A high-vacuum cluster tool capable of aligned wafer bonding offers significant advantages for MEMS applications where the vacuum level in the cavity after bonding is important, such as gyroscopes and micro-bolometers (FIGURE 3) [6]. Modules can be added to the base cluster tool to enable the wafers to be baked out at a controlled elevated temperature prior to alignment and bonding in high vacuum. Getter activation can also be done in the bake-out module without loading or saturating the getter, as all subsequent steps are done in high vacuum. For devices where getter activation requires a high temperature and the other wafer has thermal limits, two bake-out chambers allow a high-temperate bake-out and getter activation while the other chamber performs a lower-temperature bake out. For example, micro-bolometers that used vanadium oxide on the detector pixel have a thermal limit of about 200 ̊C, whereas the cap wafer contains a getter that should be activated around 400 ̊C. Also, the high-vacuum capability is beneficial for producing devices that are heated and use vacuum for thermal isolation because a higher vacuum reduces the heat loss, which reduces the power required to maintain the fixed temperature.
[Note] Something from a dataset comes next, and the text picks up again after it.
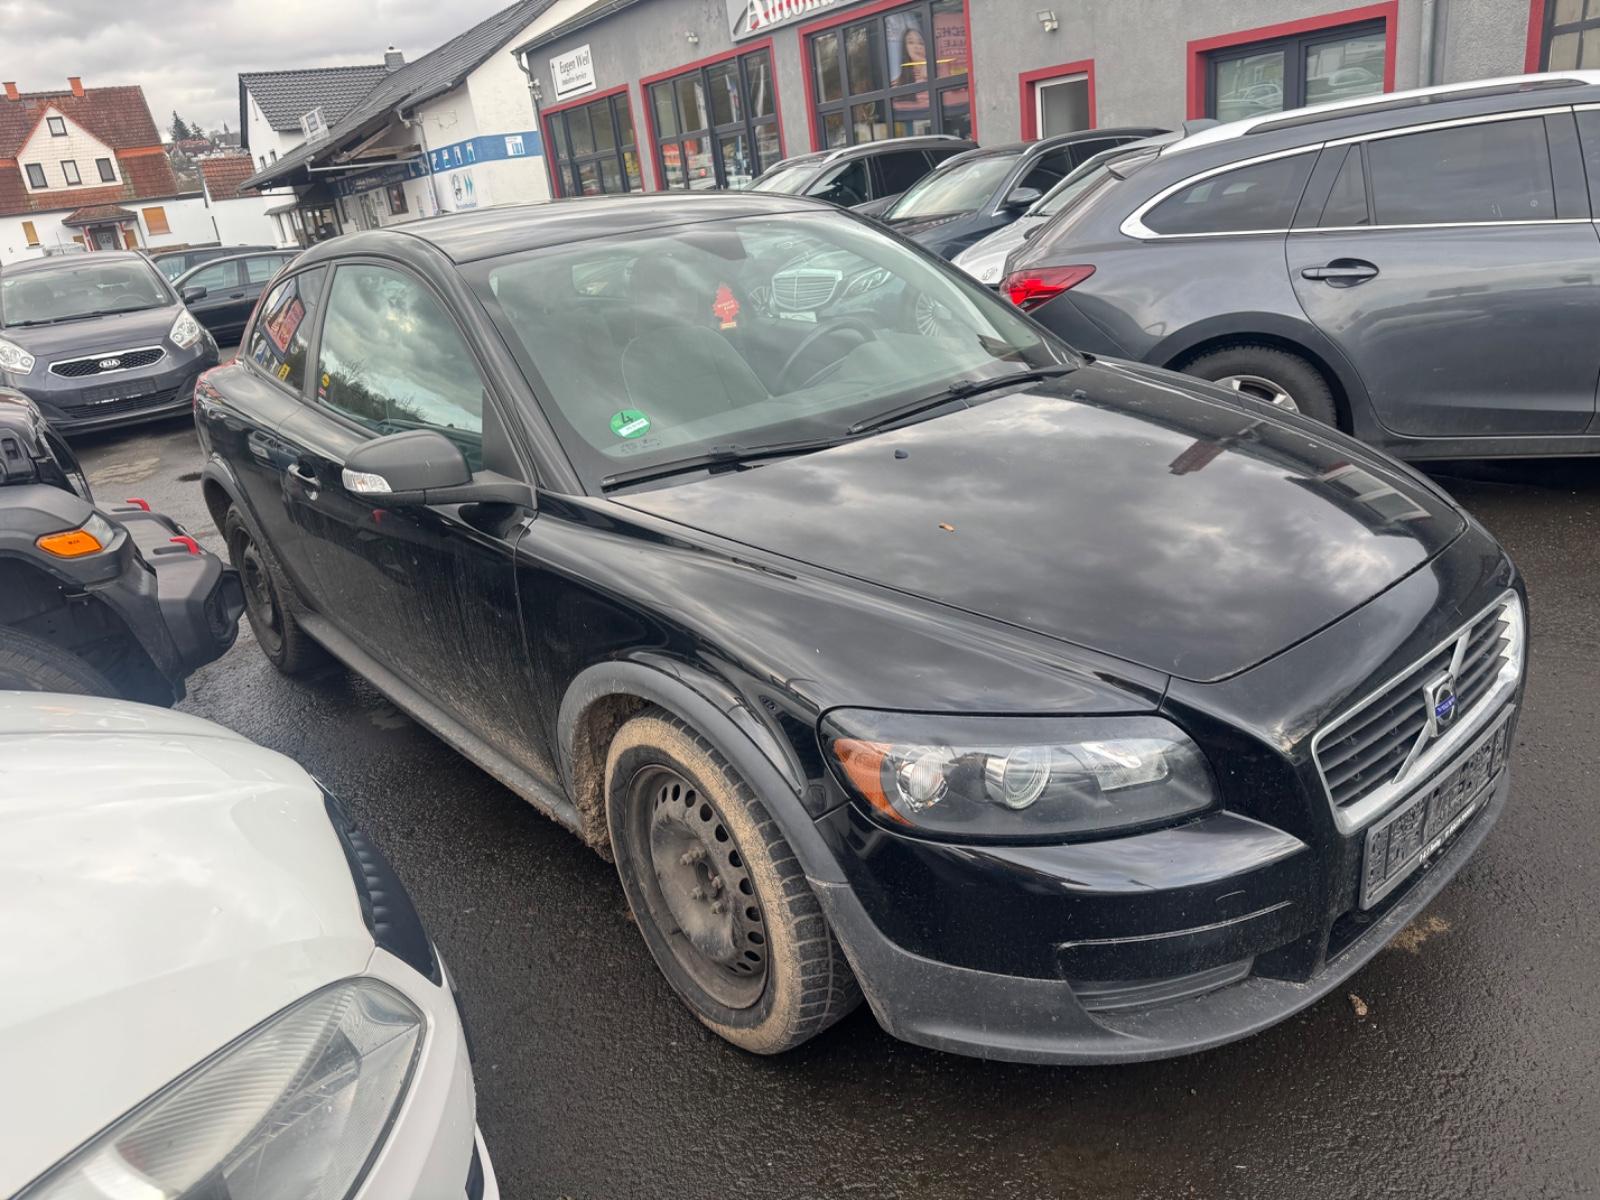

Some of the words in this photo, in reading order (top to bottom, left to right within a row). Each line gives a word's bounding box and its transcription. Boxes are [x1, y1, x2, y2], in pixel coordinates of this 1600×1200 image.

This high-vacuum cluster tool allows the separation of the process steps of bake out, surface treatment, alignment and bonding as well as allows the tool to be configured to the specific application needs. Also, the cluster tool base makes it possible to develop modules for specific applications without redesigning the entire tool.
The availability of reliable, highly automated, high-volume aligned wafer bonding systems and processes was one of the keys to the growth of MEMS over the past 15 years. The next 15 years are expected to be an exciting period of advancement for aligned wafer bonding as new equipment and processes are introduced, such as the tools and processes that allow separate pre-processing of the top and bottom wafer, as well as all handling, alignment, and bonding in vacuum. The cluster tools that will be used to do this will allow for further innovation by adding new modules to the cluster tool. In addition, the ability to remove surface oxides prior to bonding, prevent these oxides from reforming, bond at or near room temperature, and have a strong, oxide-free, optically transparent, conductive bond with very low metal contamination will allow many new product innovations for RF filters, power devices and even products that have not yet been thought of.
References
1. E. F. Pabo, “Metal Based Bonding – A Potential Cost Reducer?,” in MEMS MST Industry Conference, Dresden, 2011.
2. A. Lapadatu, “High Performance Long Wave Infrared Bolometer Fabricated by Wafer Bonding,” Proc. SPIE, vol. 7660, no. 766016-12.
3. E.Cakmak,“Aluminum Thermocompression Bonding Characterization,” in MRS Fall Mtg, Boston, 2009.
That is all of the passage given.